Hey there! Kim here, with some news about our memory care consulting services. I’ve been consulting for a great facility in Illinois, and I thought I’d tell you a bit about how, like them, you can help raise the standard for care for persons with Alzheimer’s and dementia.
The key is to combine our Dementia Capable Care: Foundation
training for staff with the design of activities and spaces that engage your residents’ interests and are oriented to each resident’s Allen Cognitive Level, or dementia stage. Knowing how to identify a person's Allen Cognitive Level is essential because it helps you pinpoint his or her remaining abilities—what he or she CAN do.
While it can be challenging to engage individuals with Alzheimer’s/dementia in occupational therapy, physical therapy, speech language pathology therapy, or leisure activities, one innovative way to facilitate greater participation is to identify activities that are particularly meaningful to each resident, and adapt the activities to the just-right challenge to match each person’s Allen Cognitive Level.
Use meaningful activities such as gardening or woodworking as a therapeutic modality for the skilled therapy professions or engage a resident in quilting or games as a valued leisure interest. With this approach, I’ve seen residents engage in more therapy time, participate more in activities, maintain their physical and cognitive skills for as long as possible, and feel a greater sense of emotional well-being.
Check out the video to learn more. Also be sure to scroll down and grab our helpful activity guideline, The Garden eBook for Persons With Dementia
Here’s a Transcript of the Video
Hi there—Kim here!
I am in Illinois, and I’m working with a consultation client. She’s a very dear friend who I’ve worked with for many years and who’s very passionate about helping people with Alzheimer’s to thrive. And she’s working for a long-term care facility that had some wonderful space available in their community that they were building, and they said, “What can we do that’s unique with this space that will really allow our therapy and our activity department to work with persons with Alzheimer’s to engage them more successfully in meaningful activity?”

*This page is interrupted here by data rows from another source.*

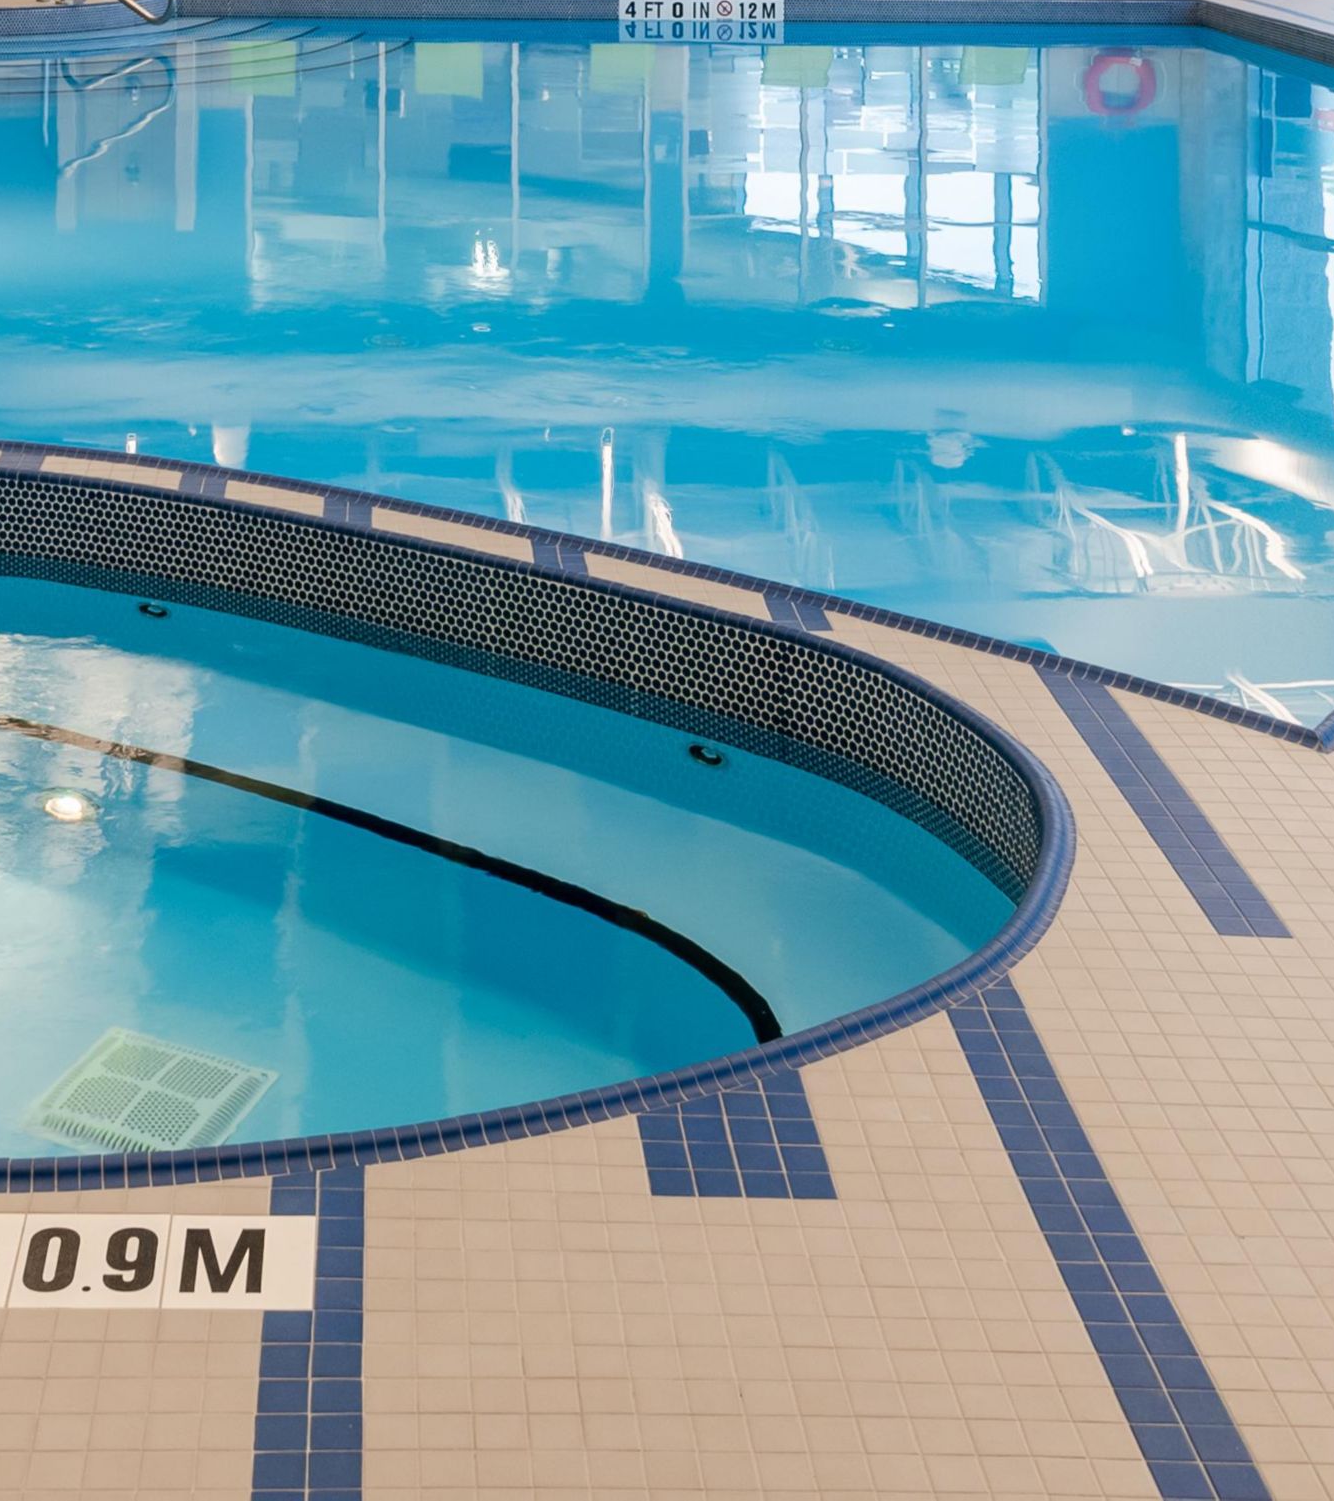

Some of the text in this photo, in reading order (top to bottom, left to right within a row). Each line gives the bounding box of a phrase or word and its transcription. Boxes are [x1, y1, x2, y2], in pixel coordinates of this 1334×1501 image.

[625, 1, 636, 18] 4
[645, 1, 664, 19] FT
[693, 1, 709, 19] IN
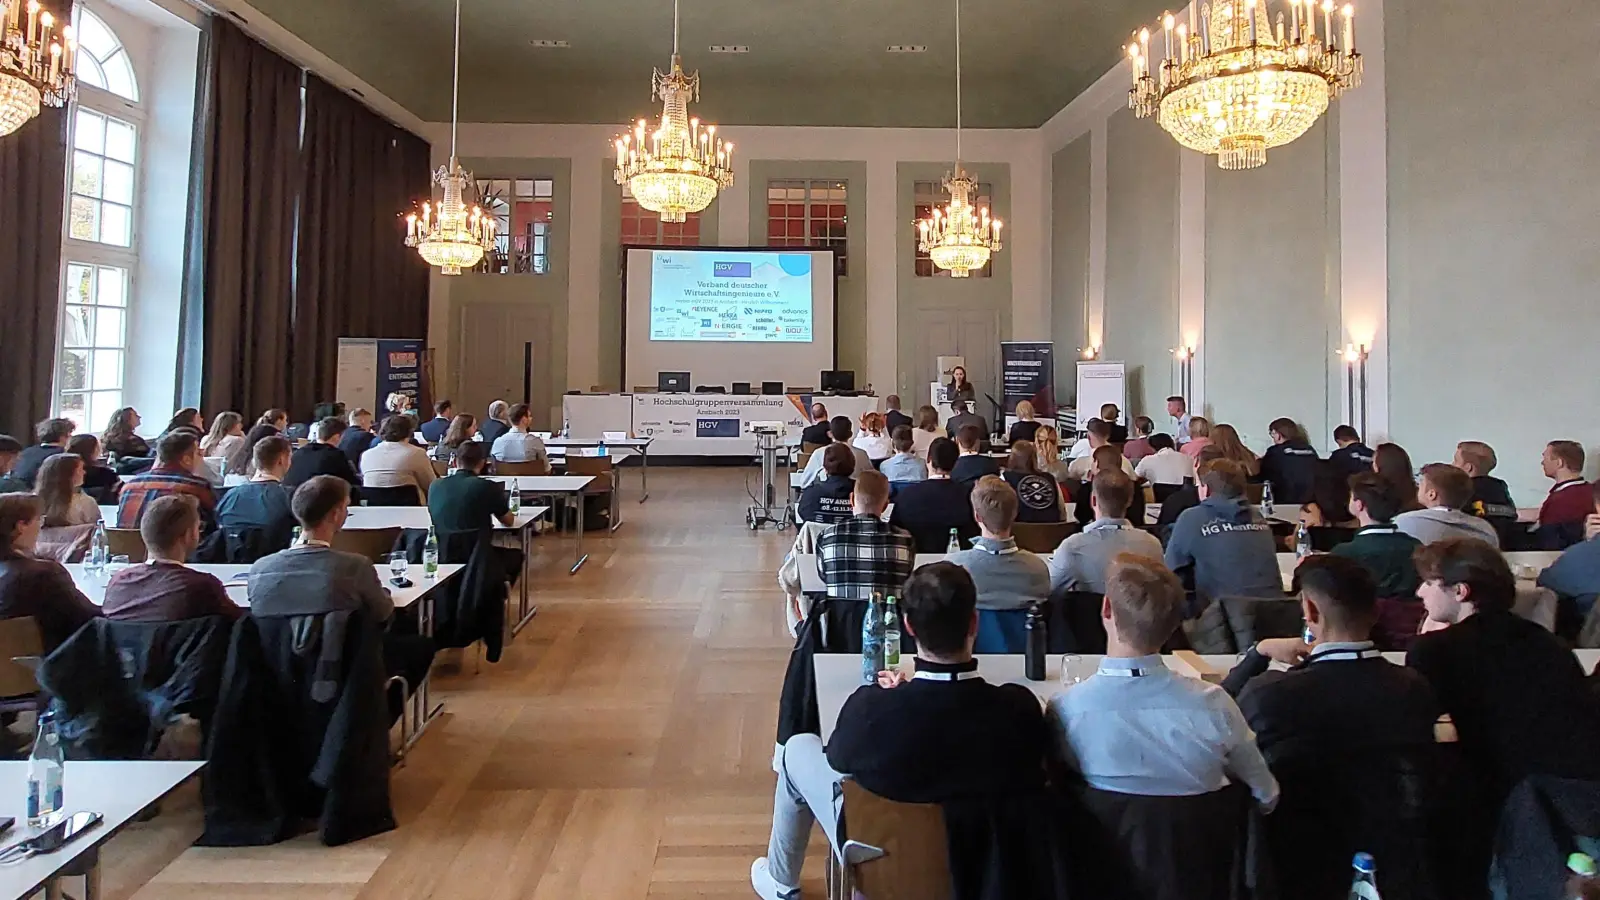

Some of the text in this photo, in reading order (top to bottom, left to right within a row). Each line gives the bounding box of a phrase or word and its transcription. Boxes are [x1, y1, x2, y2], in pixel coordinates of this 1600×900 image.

[683, 289, 766, 298] Wirtschaftsingenieure
[653, 398, 784, 407] Hochschulgruppenversammlung
[1201, 524, 1220, 536] HG

Memory Care Consulting and Individualized Activity Stations
So I’ve been working with this project for a few months now, and we’ve got all of the staff leaders trained on understanding Dementia Capable Care
principles and the stages of dementia.
We’ve developed some activity protocols, and we’ve created some activity stations within this large space. Some are designed for male-oriented activities, like a garage and woodworking area; some are a little bit more female oriented, like an activity area for arts and crafts and wrapping presents.
So we’ve created some new spaces within this large room that are designed to engage people with Alzheimer’s in activities, and we’ve educated the staff and created some activity guidelines so people at all stages of dementia can enjoy these areas.
Achieving Positive Outcomes With Activities and Exercise
But the other really important part of this kind of project is gathering outcomes. So if you were to ever do a project like this, it’s important to gather some pre-intervention information, like: perhaps you’re having some challenges engaging people at the lower stages of dementia in therapy, so a great outcome could be how can we use these activities and these spaces as a modality to engage people in more advanced dementias in exercise. So for example, in the garage, we could be having them lifting and stacking paint cans, or sanding wood, or hanging some tools on a peg board. And all of that can be exercise, working on balance and strength and range of motion in this really cool activity space.
And for activities, if you’re having some challenges engaging residents (perhaps they want to get up and walk away from an activity, and you can’t hold their attention or interest), you could gather information prior to this intervention and after the intervention to see, “Does the length of activity engagement or the quantity of activities increase?”
Improving Participation in Therapy and Activities
So whether you’re measuring therapy outcomes like improved therapy participation and compliance and improved minutes of therapy, or you’re working through the activity department trying to get people more involved in activities (and perhaps more actively engaged in the activity)—whether it’s coming through the activity department or the therapy department—the end result should be that your residents with dementia have better quality of life, we’re helping to maintain their physical and cognitive skills through these activities, and, as I said, hopefully improving their emotional well-being.
Your Heart Is Your Strongest Tool for Change
So this is a great project that any community can decide to implement. But most importantly, it starts with that leader saying, “It is my heart; my passion to do something unique and better for those who I serve with Alzheimer’s.”
And I’m privileged to be a part of this project, working with my old friend and colleague, and I’m excited to get some outcome data that I can hopefully share with everybody in the future to show what a great difference this kind of intervention makes.
So, off to go to work today—day two of this visit—can’t wait to start working with these residents with dementia, delivering our activities in these beautifully designed spaces.